I don't mean to belittle my college professors, the prestige of the university, or undermine the things I learned in class, but ultimately my education has come from experiences-one in particular- far beyond the classroom.
I worked a ton through college, and most of it wasn't on class assignments. Instead, I had a full time job as well as being fairly committed to other responsibilities as a husband, father, Boy Scout leader and too many other things to list I share this because it puts into perspective how vital Camp Kesem was to my education and development. I couldn't let go of it no matter how busy I got or how many commitments I felt already were on my plate. There was always time for CK, even if "time" meant at 11:59pm.
I participated in CK from January 2011 to August 2013, and on my last day I cried, and wept. I cried because I was completely exhausted and I wept because I felt a joy that is best expressed in a moment with no words, just the pure emotion of tears that tell a tale of what has been seen, accomplished, and experienced.

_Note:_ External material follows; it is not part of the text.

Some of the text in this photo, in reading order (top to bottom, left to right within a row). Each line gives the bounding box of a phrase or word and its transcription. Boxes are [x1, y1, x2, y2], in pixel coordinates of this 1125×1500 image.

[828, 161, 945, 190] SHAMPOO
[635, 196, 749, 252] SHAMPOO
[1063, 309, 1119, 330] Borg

Beyond the tears, what did I gain from CK? In a literal sense, I exchanged dozens of hours a week for a leadership development course on the front lines. I lived and breathed organizational leadership, financial management, event planning, peer coaching, nonprofit management, training and development, and all the other pretty topics you read about in your college business book. Not only that, but I experienced it all while falling in love with over 100 children and university students. It was glorious and as I mentioned already an education beyond anything I could have anticipated day 1 of freshman year.

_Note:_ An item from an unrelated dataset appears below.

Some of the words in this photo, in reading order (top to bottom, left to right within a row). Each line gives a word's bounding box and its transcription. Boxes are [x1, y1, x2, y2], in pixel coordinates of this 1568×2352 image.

I love my CK family. I love that while many students spent their hours in the library getting A's, I was out in the streets getting as many C's as possible. C's as in "children whose parent has/had cancer". (Honestly, I got C's in the classroom too, but that is a topic better addressed later.) I love that my last week of summer for 3 years was a 24/7 service activity making magic for kids who needed their childhood back. I love that all I could talk about the first month of the semester was "lemon head" and "Minnie" and "purple star" and "sporty" and "el guapito". While everyone else talked about the relaxing summer, I loved talking about the $2000 donation that came I right before camp. I loved sharing what a camper or a counselor shared about how cancer affected them. I loved remembering (daydreaming in class) what I saw in the eyes of children who lost their mom, their strength, their love, their bold commitment to live life without excuses, their compassion, their pain, and often their tears of sadness but more importantly (and often) of joy.
As you can tell, I am very biased. Camp Kesem wasn't just a service activity, it was a life. A monthly, weekly, daily, even hourly commitment to providing even a moment's worth of strength to families suffering from the cold hearted and evil doer---cancer. I didn't just volunteer to babysit some kids for a week of summer. I lived out each day for over two years planning, preparing, funding, and executing an experience parents desperately wanted their kids to have...fun, despite the circumstances.
Camp Kesem stays with me even though I am past the day to day activities of preparing for camp. There is not a single skill, trait, attribute, bit of knowledge that I have today that didn't pass through the CK filter. I look back on CK and see it as the petri dish for everything good that came of my college years. My concern today, even without being directly responsible, is that as many cancer patients and survivors as possible can get their kids to Camp Kesem.